Another figure suggests that one-off content sales can be a great merchandising tool for convincing people to invest in a subscription. The general news category saw an overall rise in content sales in 2002, but a substantial drop in micropayment buys, from 72% of total buys to 57%. This suggests that users were buying into larger packages after trying a sample size.
While these positive numbers are encouraging to the fee-based model, they also underscore a couple of important points about the limitations of selling content on the Web. First, as Zimbalist says, few publishers in his association plan to pay the rent with direct sales. "The business will always be ad-driven with support from subscriptions. Most of the publishers in our group see this as only one leg on the stool that is going to support the business."

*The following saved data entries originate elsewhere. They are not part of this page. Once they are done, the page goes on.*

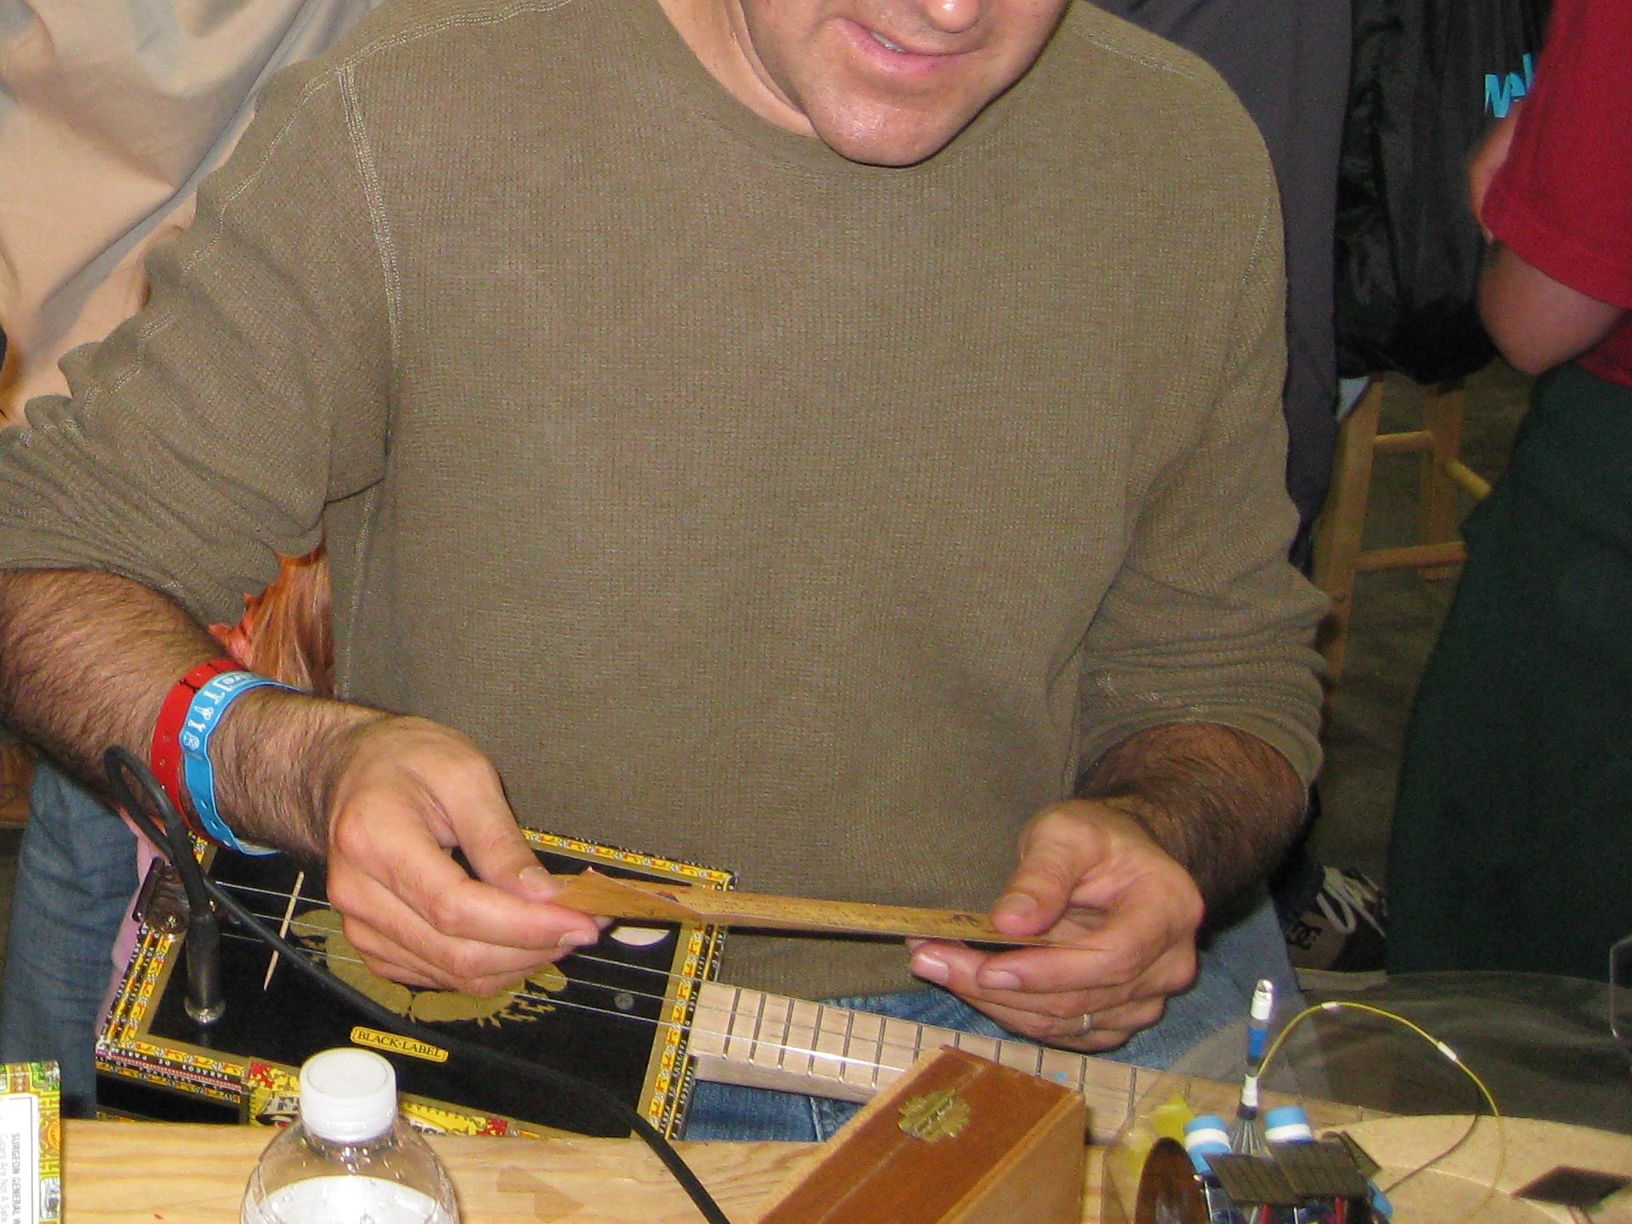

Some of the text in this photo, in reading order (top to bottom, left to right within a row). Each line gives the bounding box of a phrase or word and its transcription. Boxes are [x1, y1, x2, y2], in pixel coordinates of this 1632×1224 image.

[11, 1132, 22, 1174] SURGEON
[0, 1161, 10, 1176] Are
[0, 1178, 10, 1193] Not
[11, 1176, 22, 1216] GENERAL
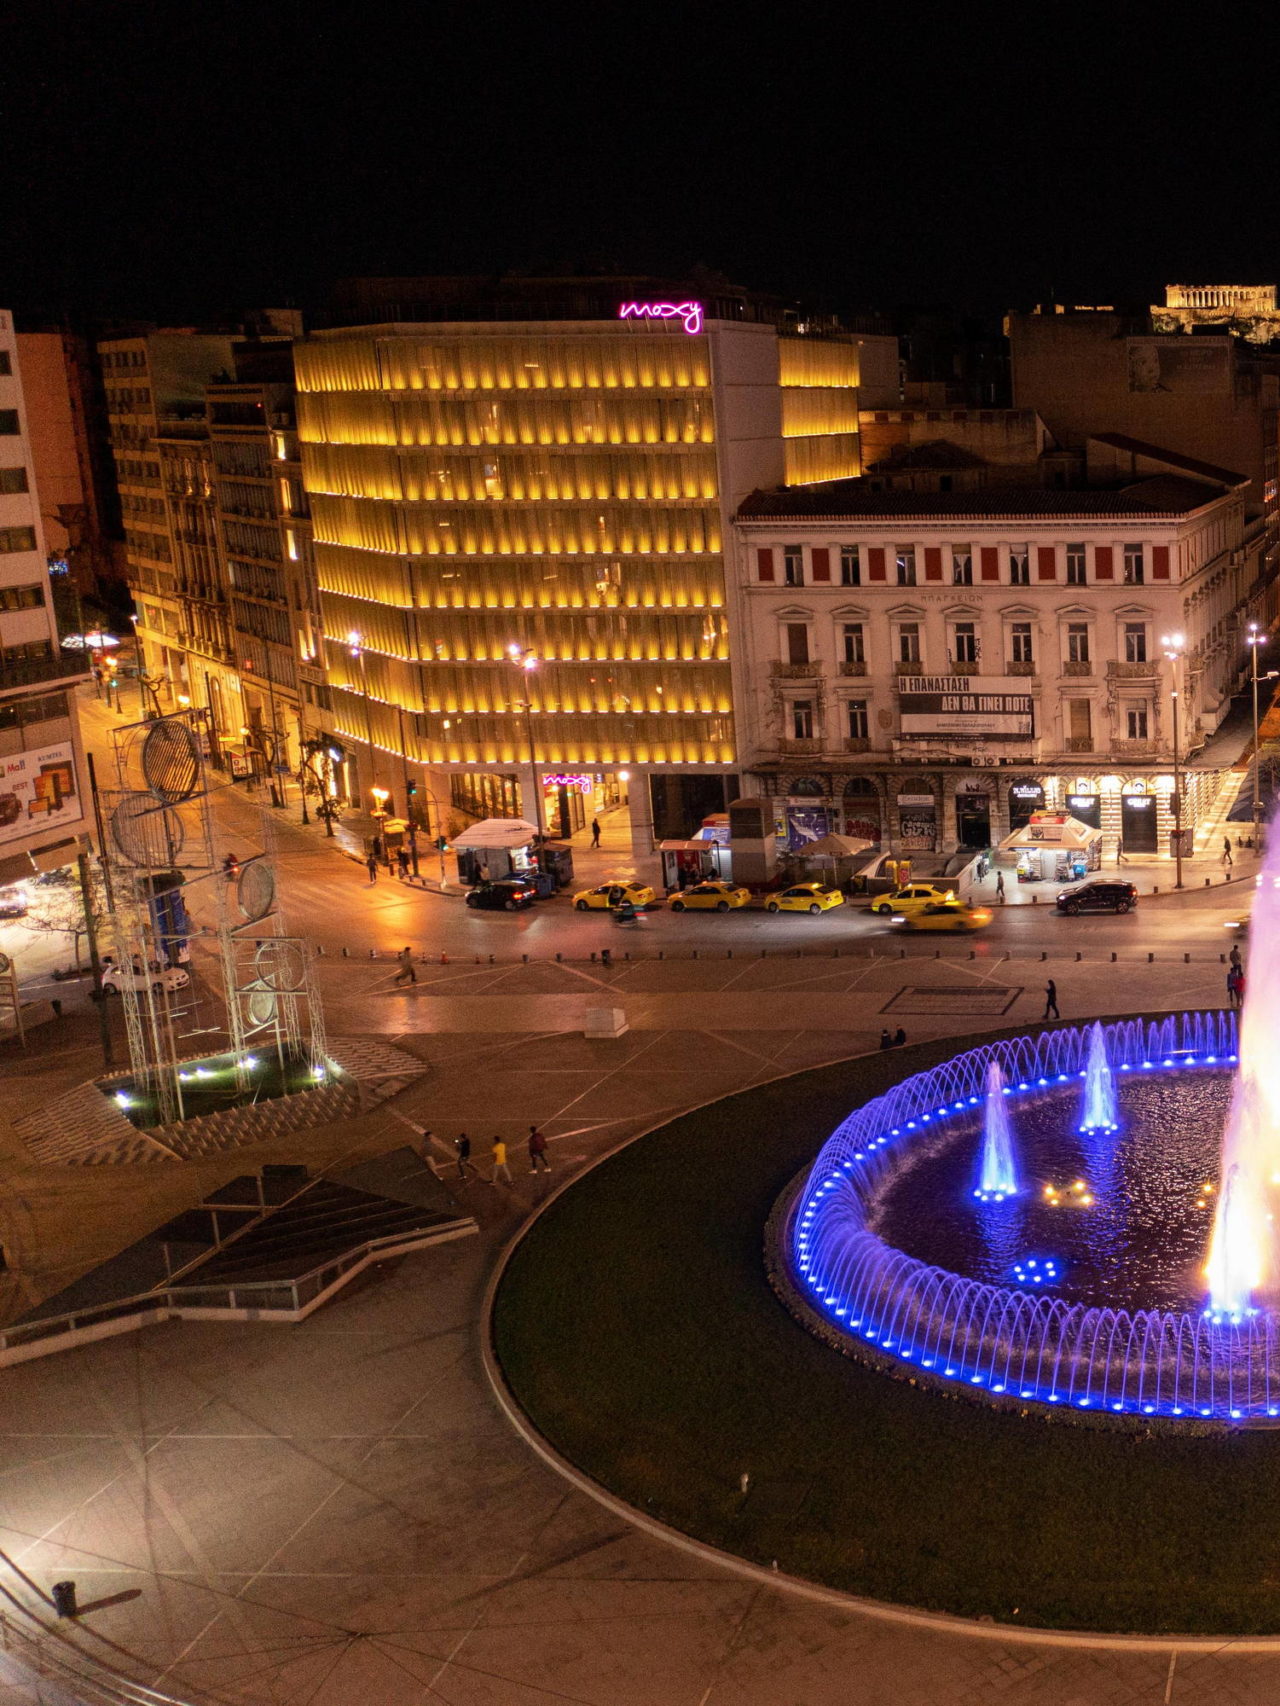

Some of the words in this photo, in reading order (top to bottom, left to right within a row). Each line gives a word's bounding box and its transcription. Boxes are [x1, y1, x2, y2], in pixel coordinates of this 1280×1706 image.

[619, 302, 702, 334] moxy
[900, 678, 907, 692] Η
[909, 678, 970, 692] ΕΠΑΝΑΣΤΑΣΗ
[942, 696, 960, 711] ΔΕΝ
[962, 696, 976, 711] ΘΑ
[979, 697, 1003, 711] ΓΙΝΕΙ
[1006, 697, 1029, 712] ΠΟΤΕ

Before we get too excited about the prospect of users paying to play, let's remember that compared to the Asian market, where 41% of Japanese users and 73% of Korean users pay for content (Digital Content Association of Japan), Americans remain Web deadbeats. The legacy of a free Web is so ingrained in American digital habits that some analysts see cell phones as the likely place for publishers to make money on premium content sales and service.
The ironic subtext of the OPA study, however, is that content is not enough. The fastest-growing categories of fee-based content—personals/dating and entertainment/lifestyle—offer users more than simple words or images. Zimbalist calls it "value," and I call it "service," packaging or complementing content in a way that saves someone time, overcomes a common obstacle or frustration, or helps perform a task. For instance, spending growth on business and investment information is leveling, from $50 million in Q1 2001 to about $70 million in Q3 2002, while spending on entertainment content (digital music, video, etc.) grew from about $12 million to about $60 million in the same span. Digital music, which Zimbalist thinks is about to explode as a fee-based sector, is a great example of content as a service. The compelling value of the emerging music subscription services over pirate systems such as Kazaa, is the way they offer a ready, full selection of tracks with consistently good recording quality.
Look at the numbers, and the trends of where people are paying for content are obvious (go to the OPA site for the full report). "With the exception of some very high value articles, the service component is going to become increasingly important," says Zimbalist. Con- tent is everywhere online, but convenience and service are not.